FileHandle Logging #16758

samansmink · 2025-03-20T18:37:23Z

This PR follows up on #15119 with:

Rework logging type mechanism into structured logging
Adds a new mechanism for FileSystem logging, using structured logging
Switch HTTP log to use structured logging

My apologies for the slightly chaotic PR here. It took a few tries to understand what makes sense here and I still feel like we are not 100% there yet. However, this should be a decent step in the right direction.

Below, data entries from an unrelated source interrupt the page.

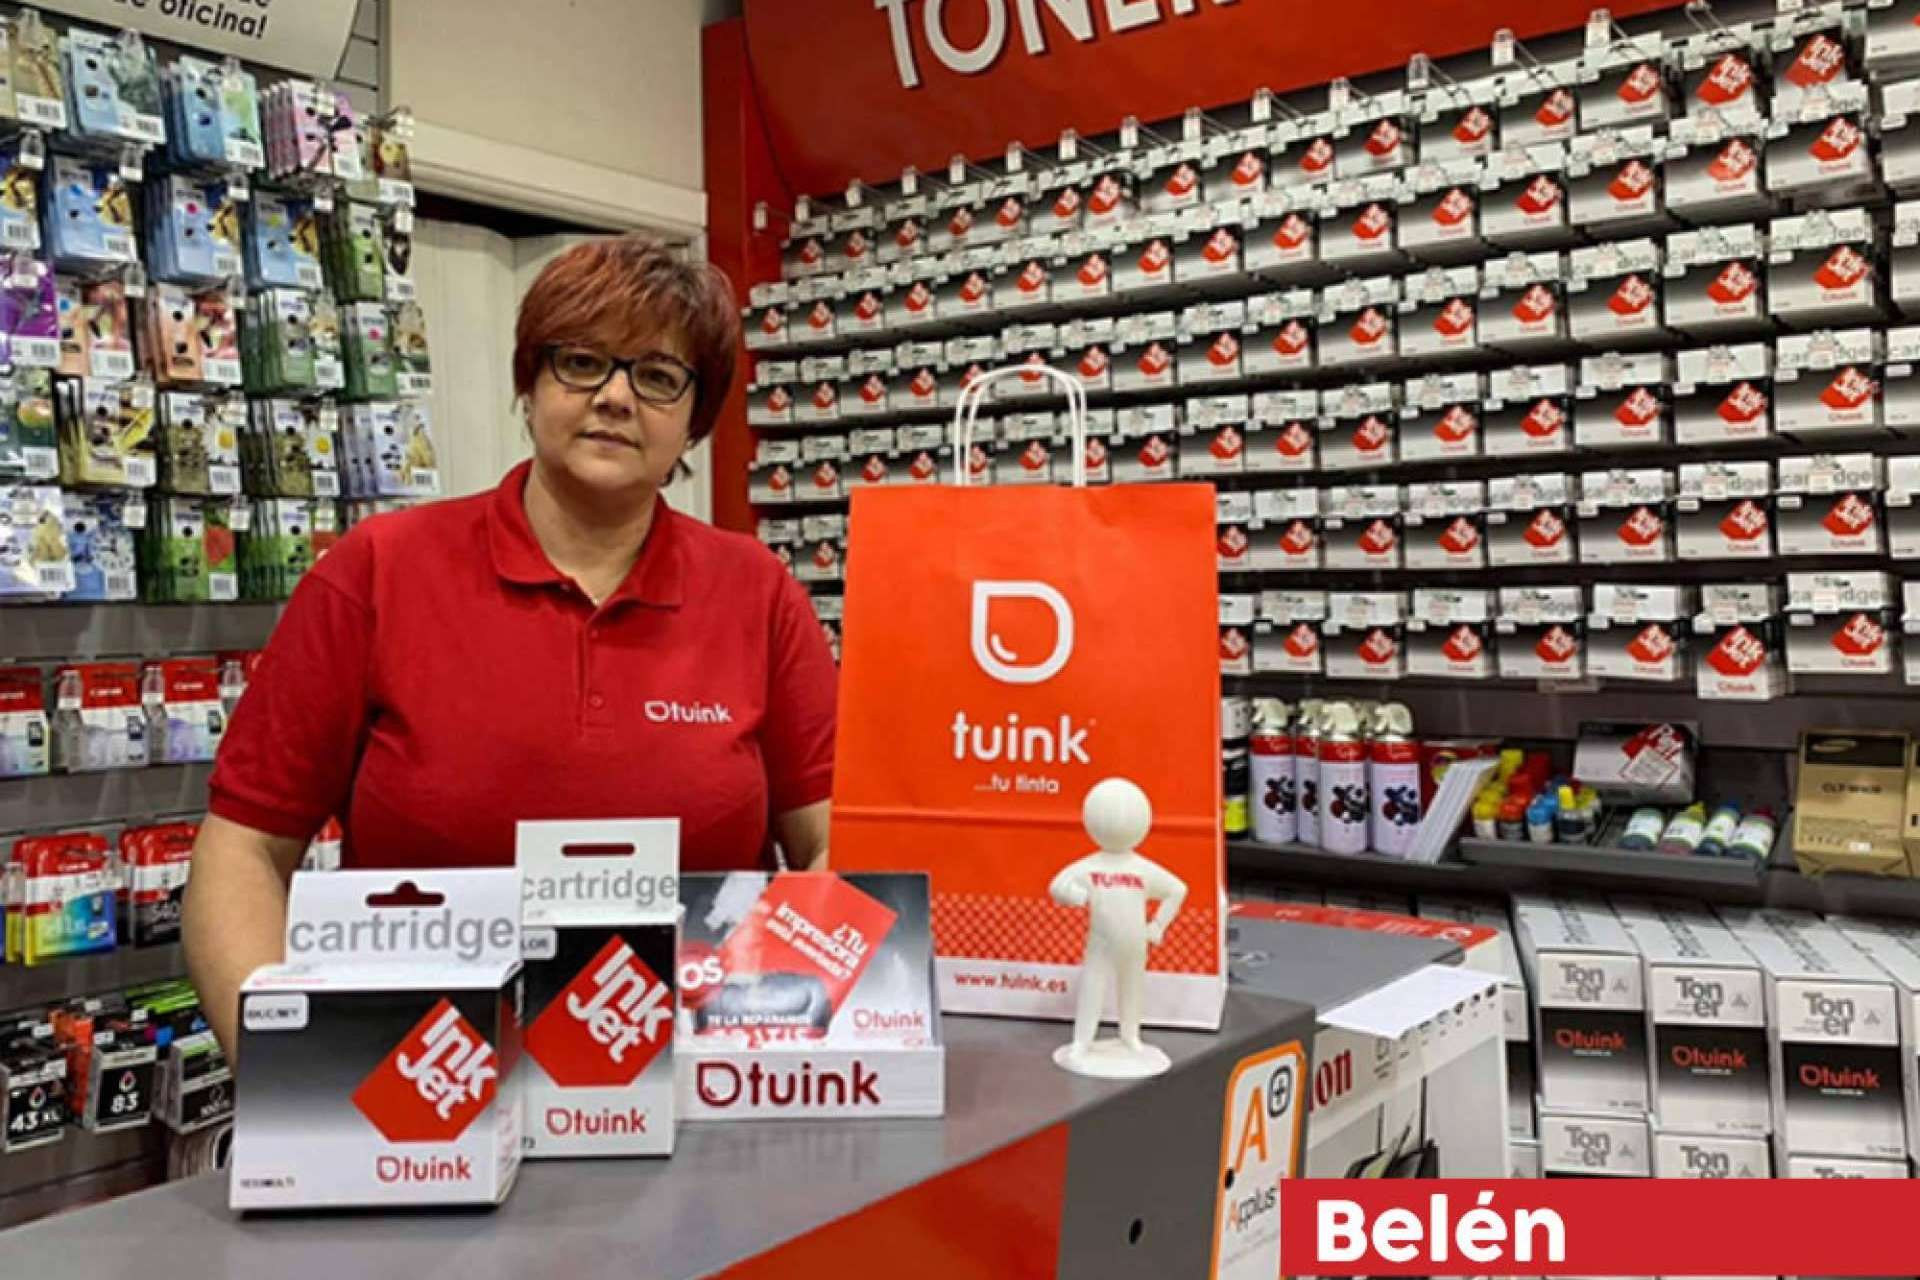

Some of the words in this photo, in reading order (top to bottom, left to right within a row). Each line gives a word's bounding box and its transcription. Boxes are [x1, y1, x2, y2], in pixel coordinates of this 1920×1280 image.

[951, 711, 1091, 764] tuink
[521, 869, 679, 907] cartridge
[290, 909, 514, 962] cartridge
[567, 975, 642, 1064] Jet
[593, 943, 673, 1043] Ink
[396, 1030, 468, 1121] Jet
[420, 1004, 499, 1101] Ink
[748, 1060, 881, 1106] tuink
[573, 1107, 648, 1136] tuink
[400, 1157, 472, 1181] tuink

Logging refactor: structured logging

To neatly support writing structured log messages, this PR makes a few conceptual overhauls to the logging.

First of all, we remove the log types as manually passed string. In the initial logging implementation, you would log like:

DUCKDB_LOG_<level>(context, "<log type string>", "message");

However these manually provided strings are not really practical and likely to result in utter chaos.

We change this now to:

// Default log type (empty string for now)
DUCKDB_LOG_<level>(context, "message");

// Predefined log type
DUCKDB_LOG(context, LogTypeClassName, "message");

The DUCKDB_LOG macro is defined as

DUCKDB_LOG_INTERNAL(SOURCE, LOG_TYPE_CLASS::NAME, LOG_TYPE_CLASS::LEVEL, LOG_TYPE_CLASS::ConstructLogMessage(__VA_ARGS__))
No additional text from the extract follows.